[Stored items]
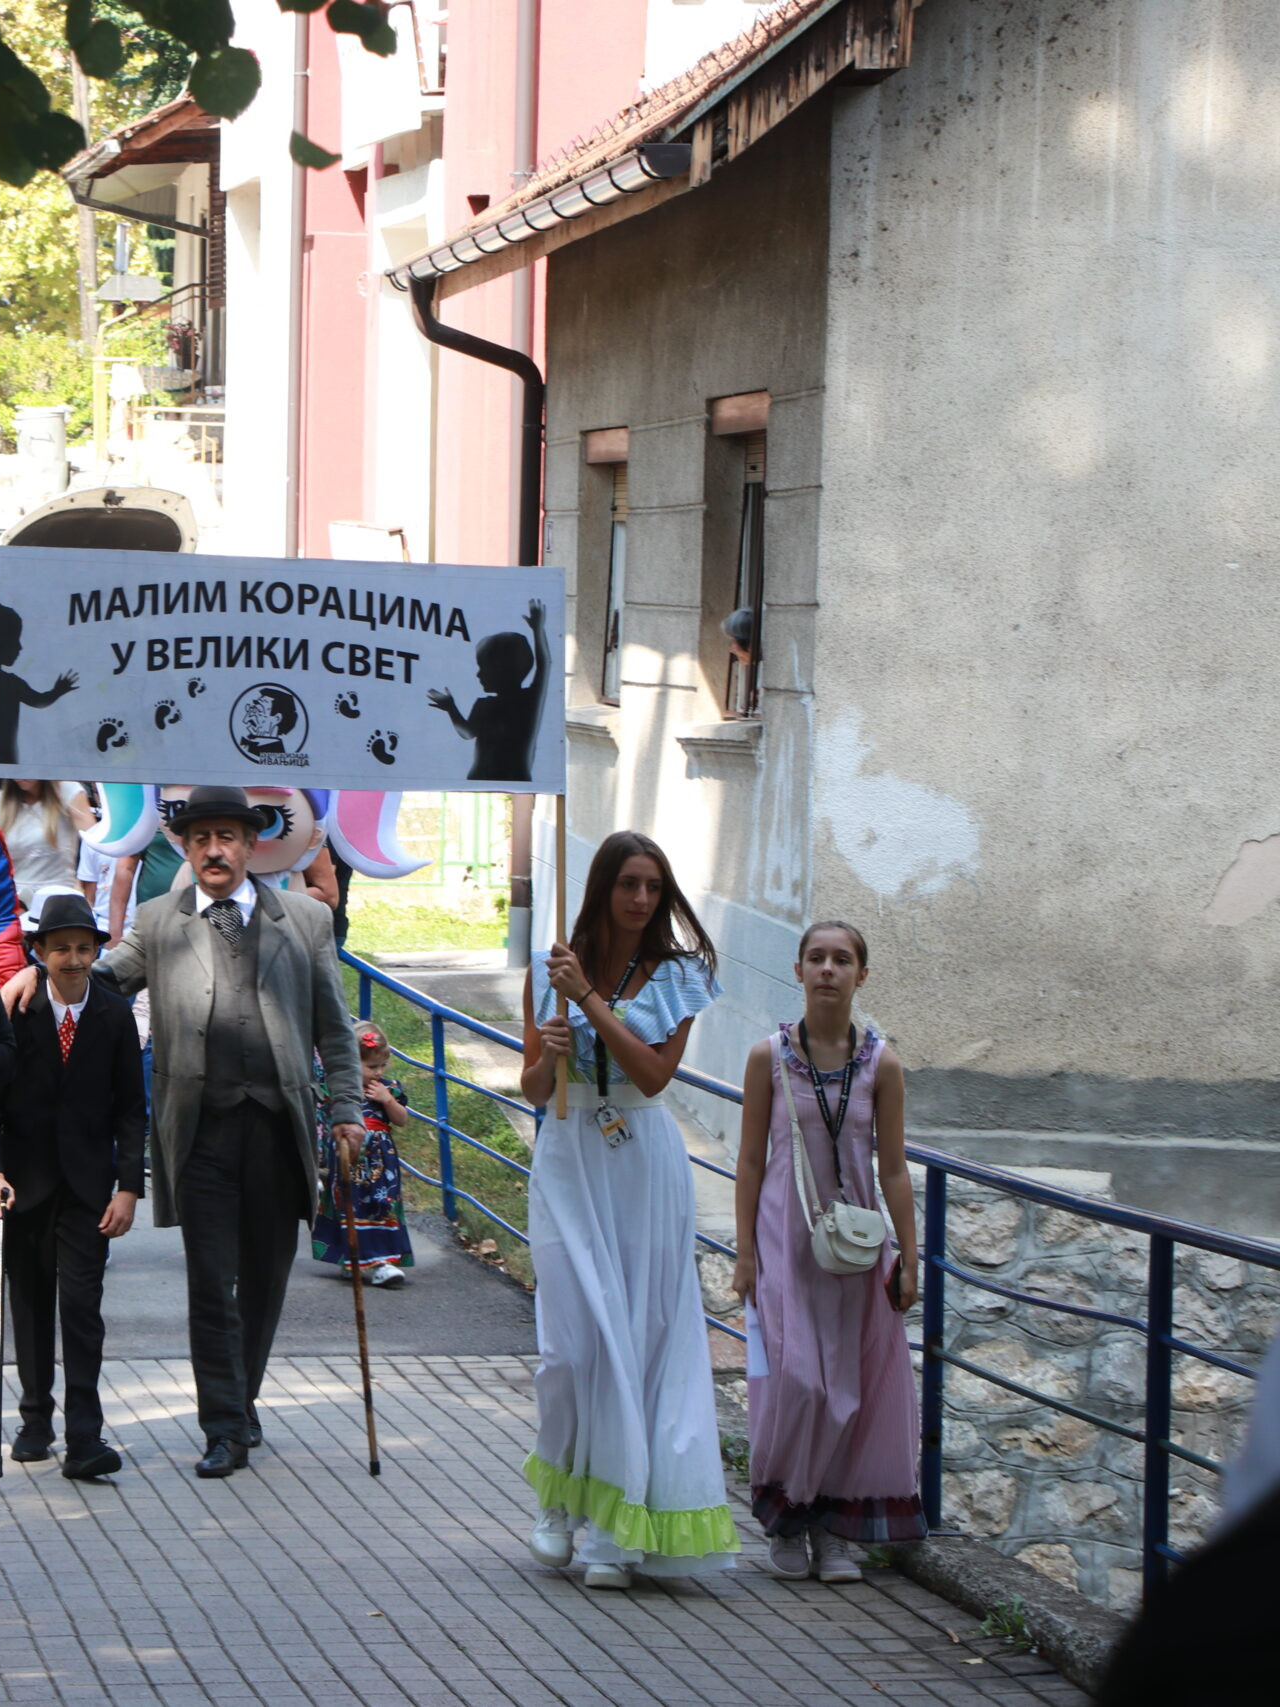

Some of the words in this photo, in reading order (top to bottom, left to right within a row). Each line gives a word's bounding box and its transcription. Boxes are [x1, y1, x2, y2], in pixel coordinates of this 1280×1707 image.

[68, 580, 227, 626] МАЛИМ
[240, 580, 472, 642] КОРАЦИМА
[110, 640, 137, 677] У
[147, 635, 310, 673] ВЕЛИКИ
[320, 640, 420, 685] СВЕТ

### WHAT YOU SHOULD DO
Please copy the data shown above precisely, leaving the images out.

### RESPONSE BELOW
Some of the words in this photo, in reading order (top to bottom, left to right within a row). Each line gives a word's bounding box and its transcription. Boxes are [x1, y1, x2, y2], in pixel coordinates of this 1280×1707 image.

[68, 580, 227, 626] МАЛИМ
[240, 580, 472, 642] КОРАЦИМА
[110, 640, 137, 677] У
[147, 635, 310, 673] ВЕЛИКИ
[320, 640, 420, 685] СВЕТ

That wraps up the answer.